## DATA SECTION
- Opening Delimiter -

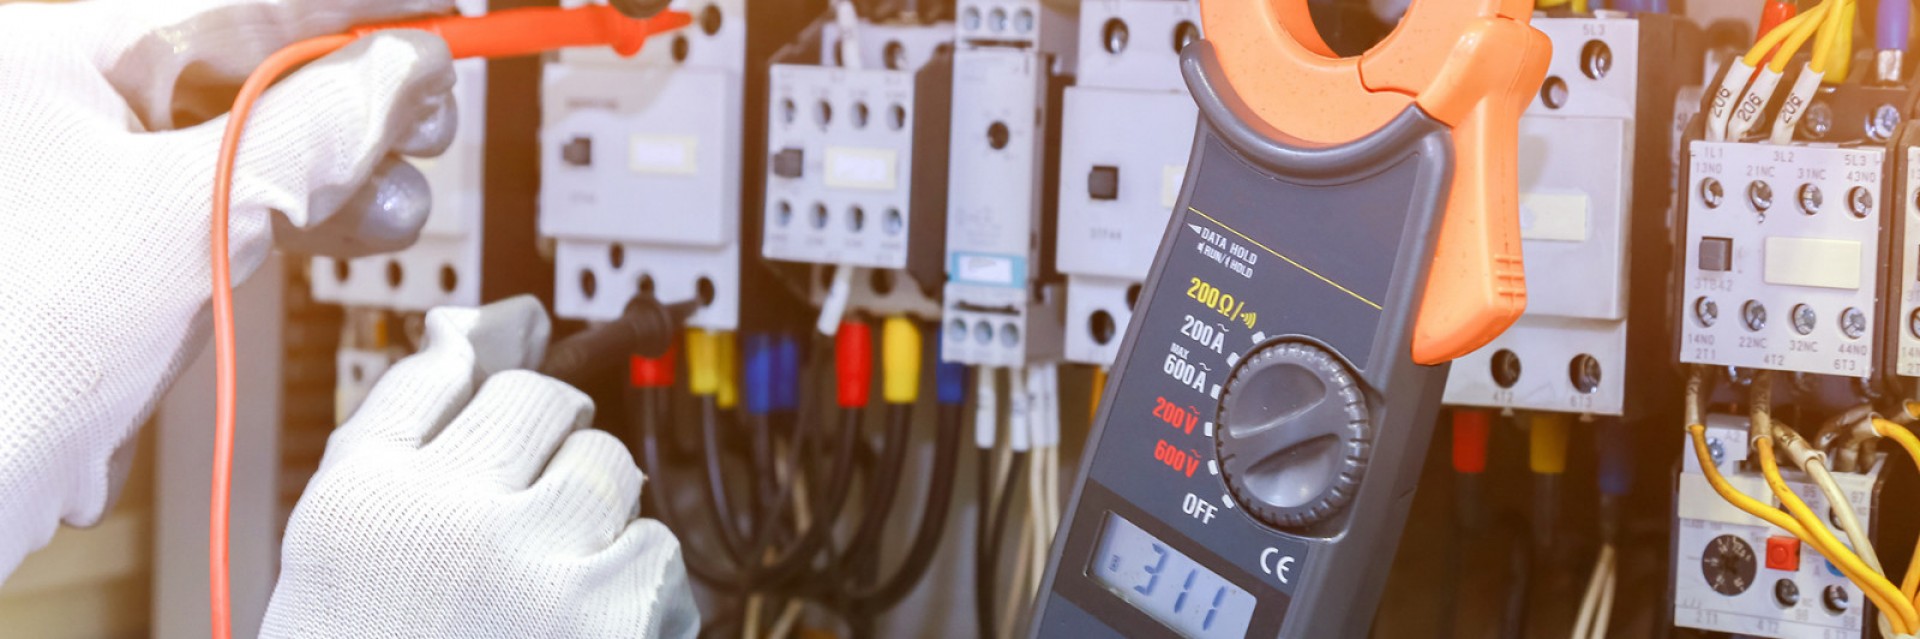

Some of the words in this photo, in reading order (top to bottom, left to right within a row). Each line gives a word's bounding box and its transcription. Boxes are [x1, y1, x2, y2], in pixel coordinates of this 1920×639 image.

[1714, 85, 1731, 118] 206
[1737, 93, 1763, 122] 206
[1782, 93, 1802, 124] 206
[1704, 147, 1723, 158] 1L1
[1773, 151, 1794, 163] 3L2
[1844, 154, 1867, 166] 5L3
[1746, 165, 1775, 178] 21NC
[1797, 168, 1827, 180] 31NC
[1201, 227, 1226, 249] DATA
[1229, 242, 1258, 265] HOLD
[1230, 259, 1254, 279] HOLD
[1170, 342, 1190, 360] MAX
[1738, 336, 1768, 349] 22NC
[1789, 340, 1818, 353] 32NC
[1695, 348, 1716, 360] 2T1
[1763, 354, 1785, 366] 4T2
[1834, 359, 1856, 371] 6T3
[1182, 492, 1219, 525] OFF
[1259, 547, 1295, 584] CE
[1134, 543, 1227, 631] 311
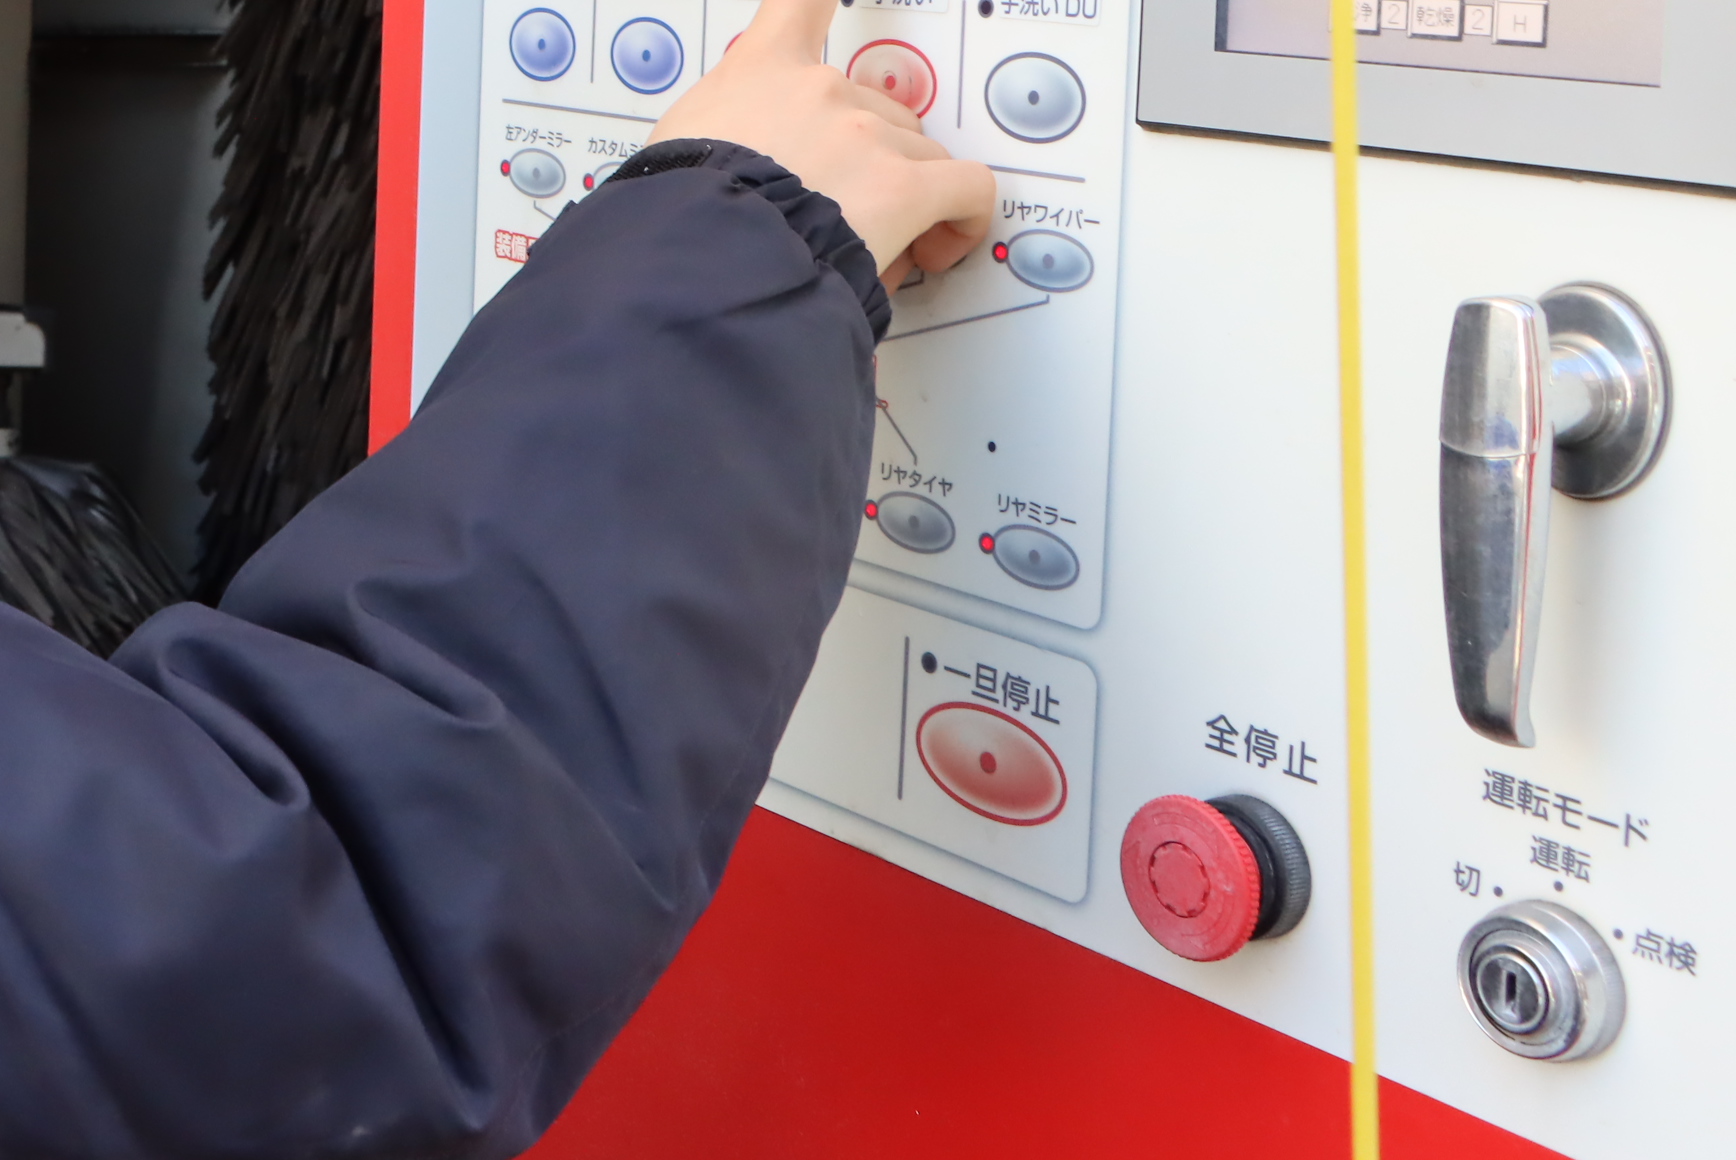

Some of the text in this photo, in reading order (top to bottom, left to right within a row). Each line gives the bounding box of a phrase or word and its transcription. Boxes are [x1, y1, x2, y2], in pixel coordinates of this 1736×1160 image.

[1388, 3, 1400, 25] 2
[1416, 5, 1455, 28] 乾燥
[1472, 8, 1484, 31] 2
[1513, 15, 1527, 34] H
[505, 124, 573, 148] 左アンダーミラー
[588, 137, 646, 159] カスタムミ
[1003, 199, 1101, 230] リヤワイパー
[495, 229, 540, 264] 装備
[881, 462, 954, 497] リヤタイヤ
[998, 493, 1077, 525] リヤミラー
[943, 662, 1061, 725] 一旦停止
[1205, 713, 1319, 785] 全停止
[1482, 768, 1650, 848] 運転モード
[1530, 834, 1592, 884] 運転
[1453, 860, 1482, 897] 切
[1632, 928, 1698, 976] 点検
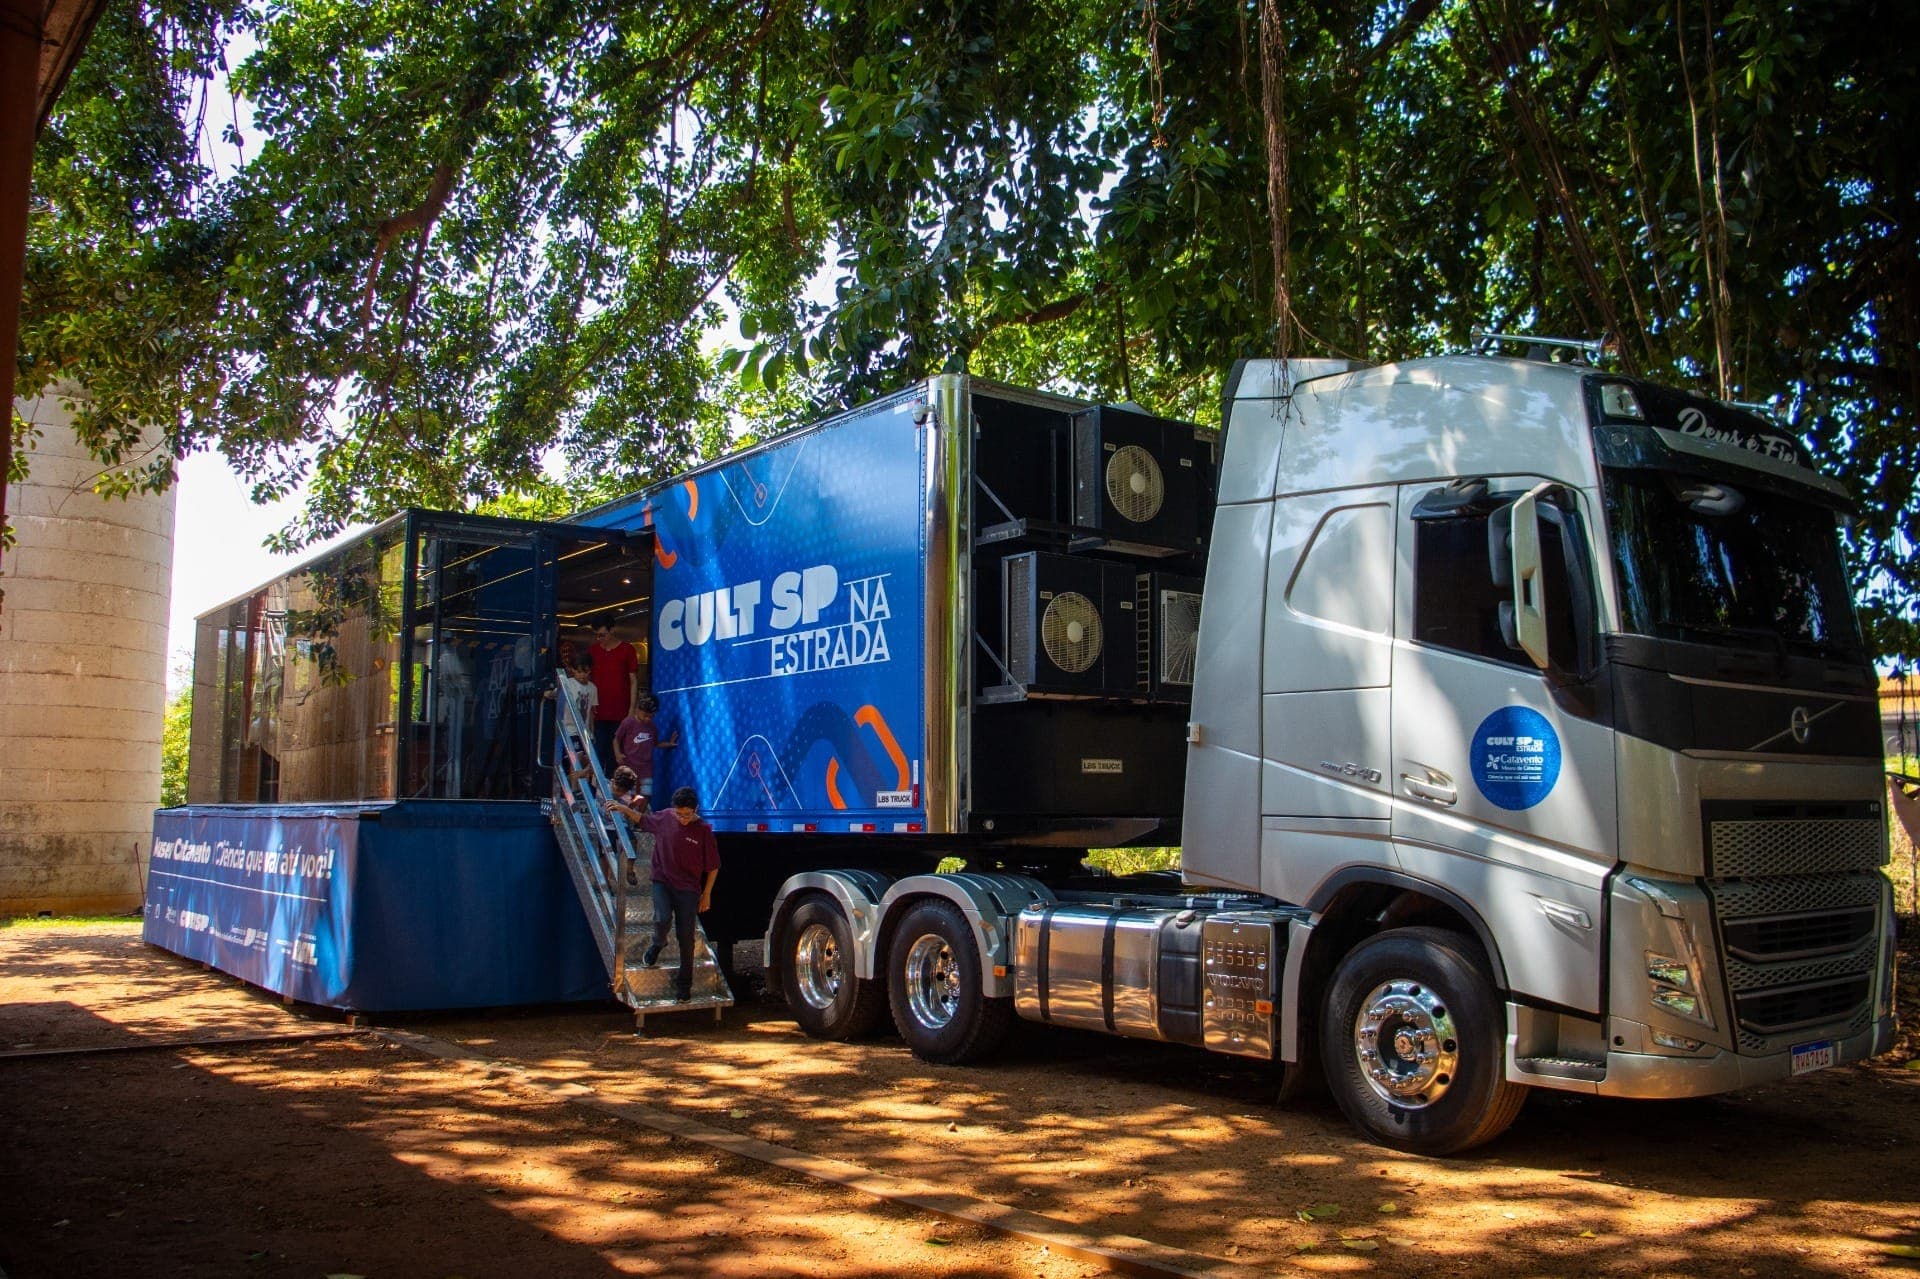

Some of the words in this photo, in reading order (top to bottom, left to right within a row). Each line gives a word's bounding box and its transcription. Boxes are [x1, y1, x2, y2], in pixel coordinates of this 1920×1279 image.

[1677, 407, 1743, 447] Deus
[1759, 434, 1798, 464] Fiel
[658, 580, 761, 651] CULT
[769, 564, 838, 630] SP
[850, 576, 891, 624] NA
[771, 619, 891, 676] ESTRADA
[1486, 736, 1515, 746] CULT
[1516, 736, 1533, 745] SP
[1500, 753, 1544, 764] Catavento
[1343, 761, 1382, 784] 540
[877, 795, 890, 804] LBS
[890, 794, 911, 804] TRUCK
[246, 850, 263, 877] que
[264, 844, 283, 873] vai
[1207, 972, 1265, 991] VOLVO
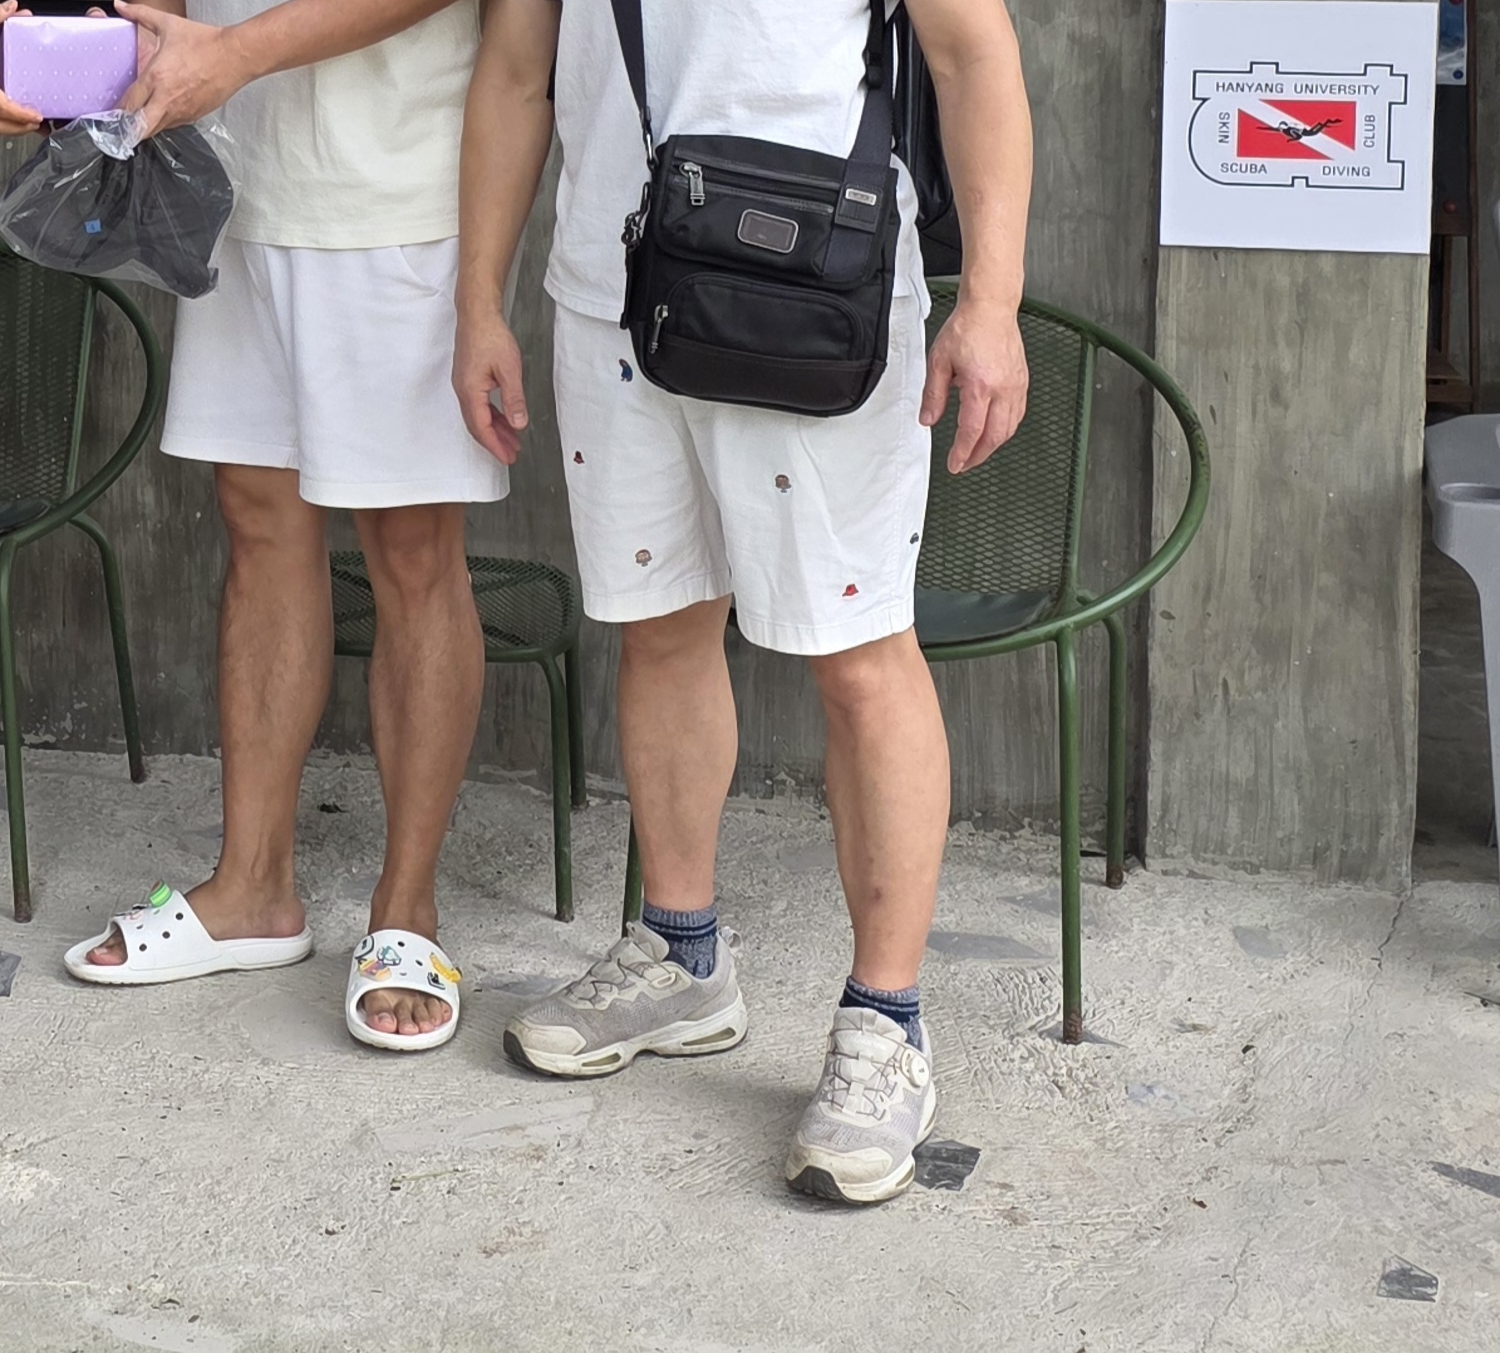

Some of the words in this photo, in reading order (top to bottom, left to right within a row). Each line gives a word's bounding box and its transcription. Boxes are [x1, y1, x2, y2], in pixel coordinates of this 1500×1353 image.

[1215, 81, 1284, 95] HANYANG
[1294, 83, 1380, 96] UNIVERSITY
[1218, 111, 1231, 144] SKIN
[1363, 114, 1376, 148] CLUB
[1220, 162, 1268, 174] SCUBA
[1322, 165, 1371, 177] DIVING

- Closing Delimiter -

The expected response consists solely of the lines from the one with "this 1500×1353 image." through the end of the records, repeated exactly.

Some of the words in this photo, in reading order (top to bottom, left to right within a row). Each line gives a word's bounding box and its transcription. Boxes are [x1, y1, x2, y2], in pixel coordinates of this 1500×1353 image.

[1215, 81, 1284, 95] HANYANG
[1294, 83, 1380, 96] UNIVERSITY
[1218, 111, 1231, 144] SKIN
[1363, 114, 1376, 148] CLUB
[1220, 162, 1268, 174] SCUBA
[1322, 165, 1371, 177] DIVING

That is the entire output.